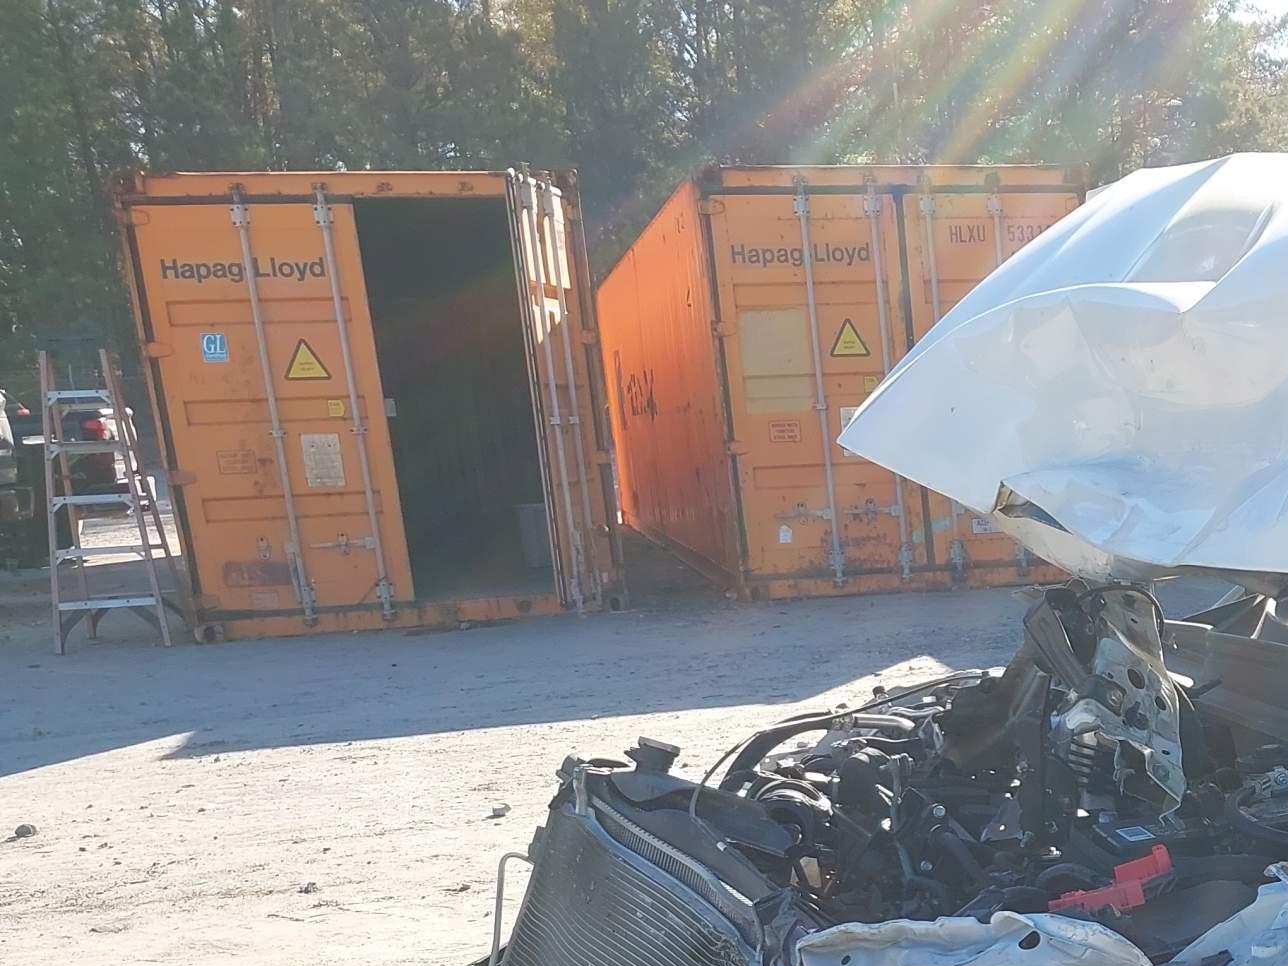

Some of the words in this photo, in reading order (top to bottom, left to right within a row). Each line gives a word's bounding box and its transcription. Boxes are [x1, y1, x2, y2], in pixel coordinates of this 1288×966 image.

[949, 224, 986, 244] HLXU
[1006, 224, 1053, 243] 533
[203, 334, 226, 354] GL
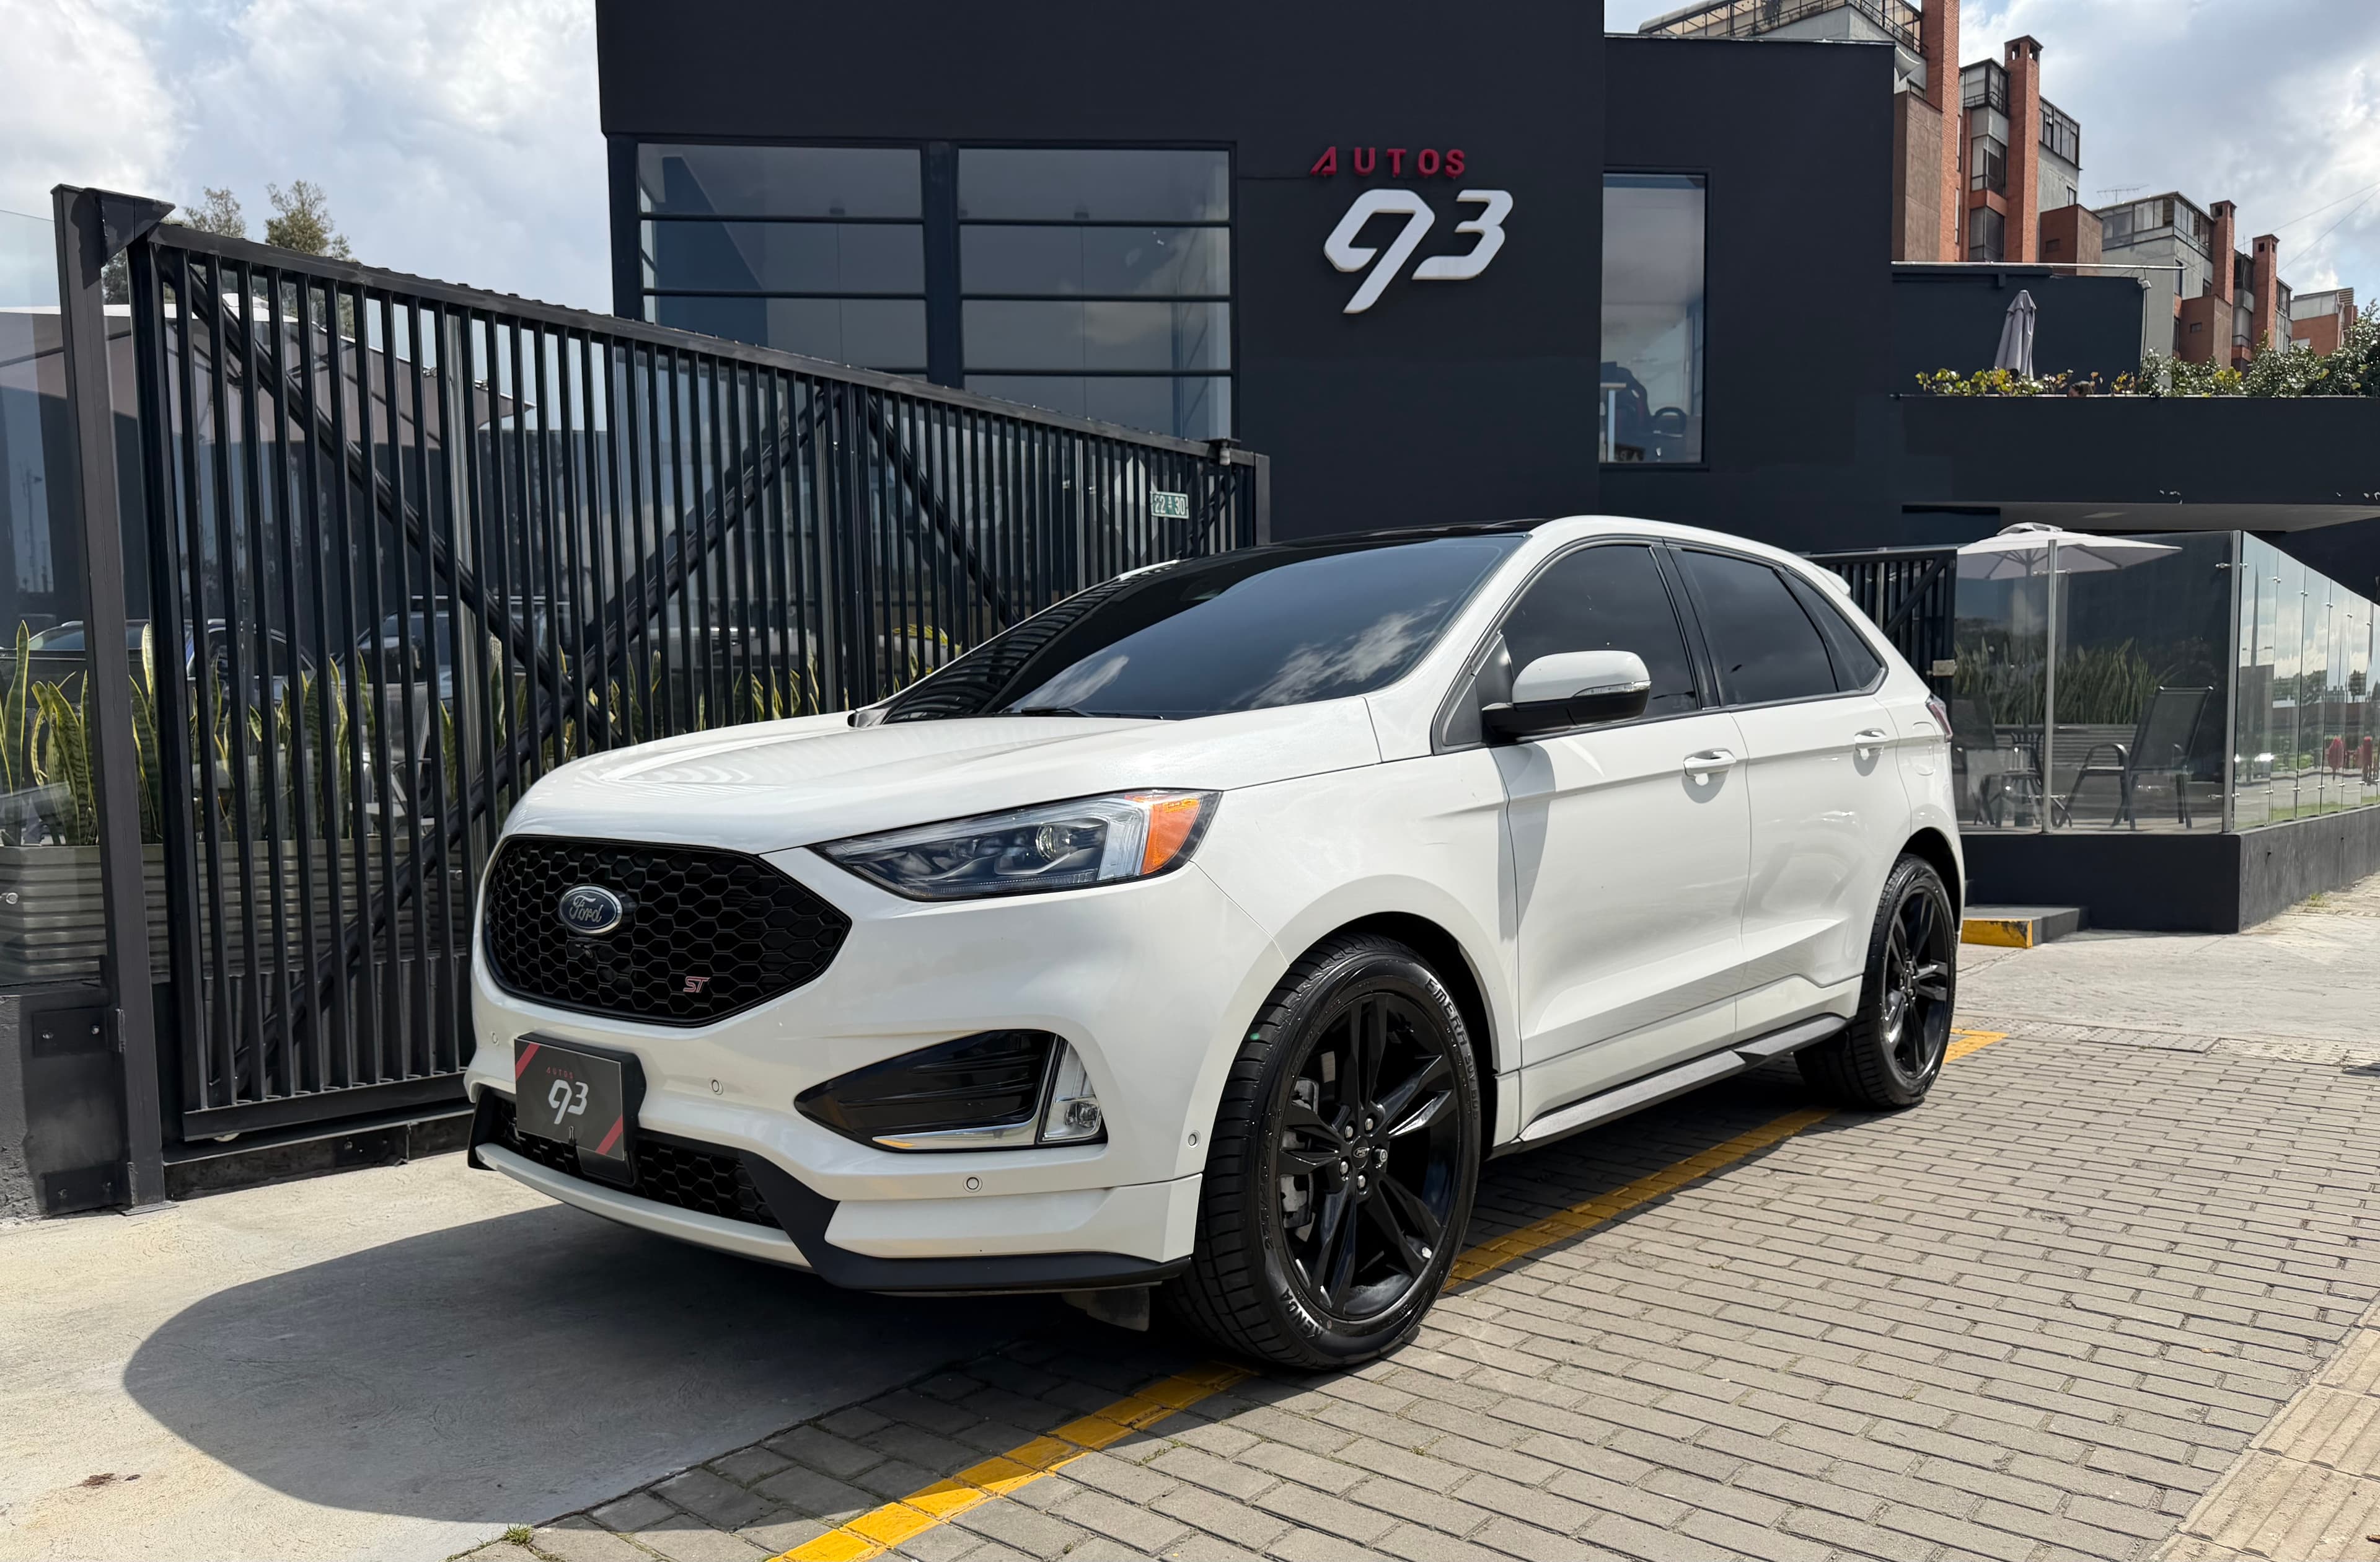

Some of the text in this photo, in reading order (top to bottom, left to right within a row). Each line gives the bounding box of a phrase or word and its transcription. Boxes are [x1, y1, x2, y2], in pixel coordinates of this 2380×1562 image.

[1310, 146, 1465, 177] AUTOS
[1324, 188, 1514, 314] 93
[569, 895, 604, 923] Ford
[683, 976, 711, 993] ST
[1426, 977, 1468, 1045] EMERA
[546, 1066, 574, 1080] AUTOS
[549, 1079, 589, 1124] 93
[1279, 1287, 1323, 1339] KENDA

--------

Required action:
An exact copy of the data is required, with the pictures excluded.

Task output:
Some of the words in this photo, in reading order (top to bottom, left to right within a row). Each line gives a word's bounding box and its transcription. Boxes are [x1, y1, x2, y2], in pixel coordinates of this 1288×966 image.

[949, 224, 986, 244] HLXU
[1006, 224, 1053, 243] 533
[203, 334, 226, 354] GL

Some of the text in this photo, in reading order (top to bottom, left to right within a row). Each line gives the bounding box of a phrase or word and its transcription. Boxes are [x1, y1, x2, y2], in pixel coordinates of this 2380×1562 image.

[1310, 146, 1465, 177] AUTOS
[1324, 188, 1514, 314] 93
[569, 895, 604, 923] Ford
[683, 976, 711, 993] ST
[1426, 977, 1468, 1045] EMERA
[546, 1066, 574, 1080] AUTOS
[549, 1079, 589, 1124] 93
[1279, 1287, 1323, 1339] KENDA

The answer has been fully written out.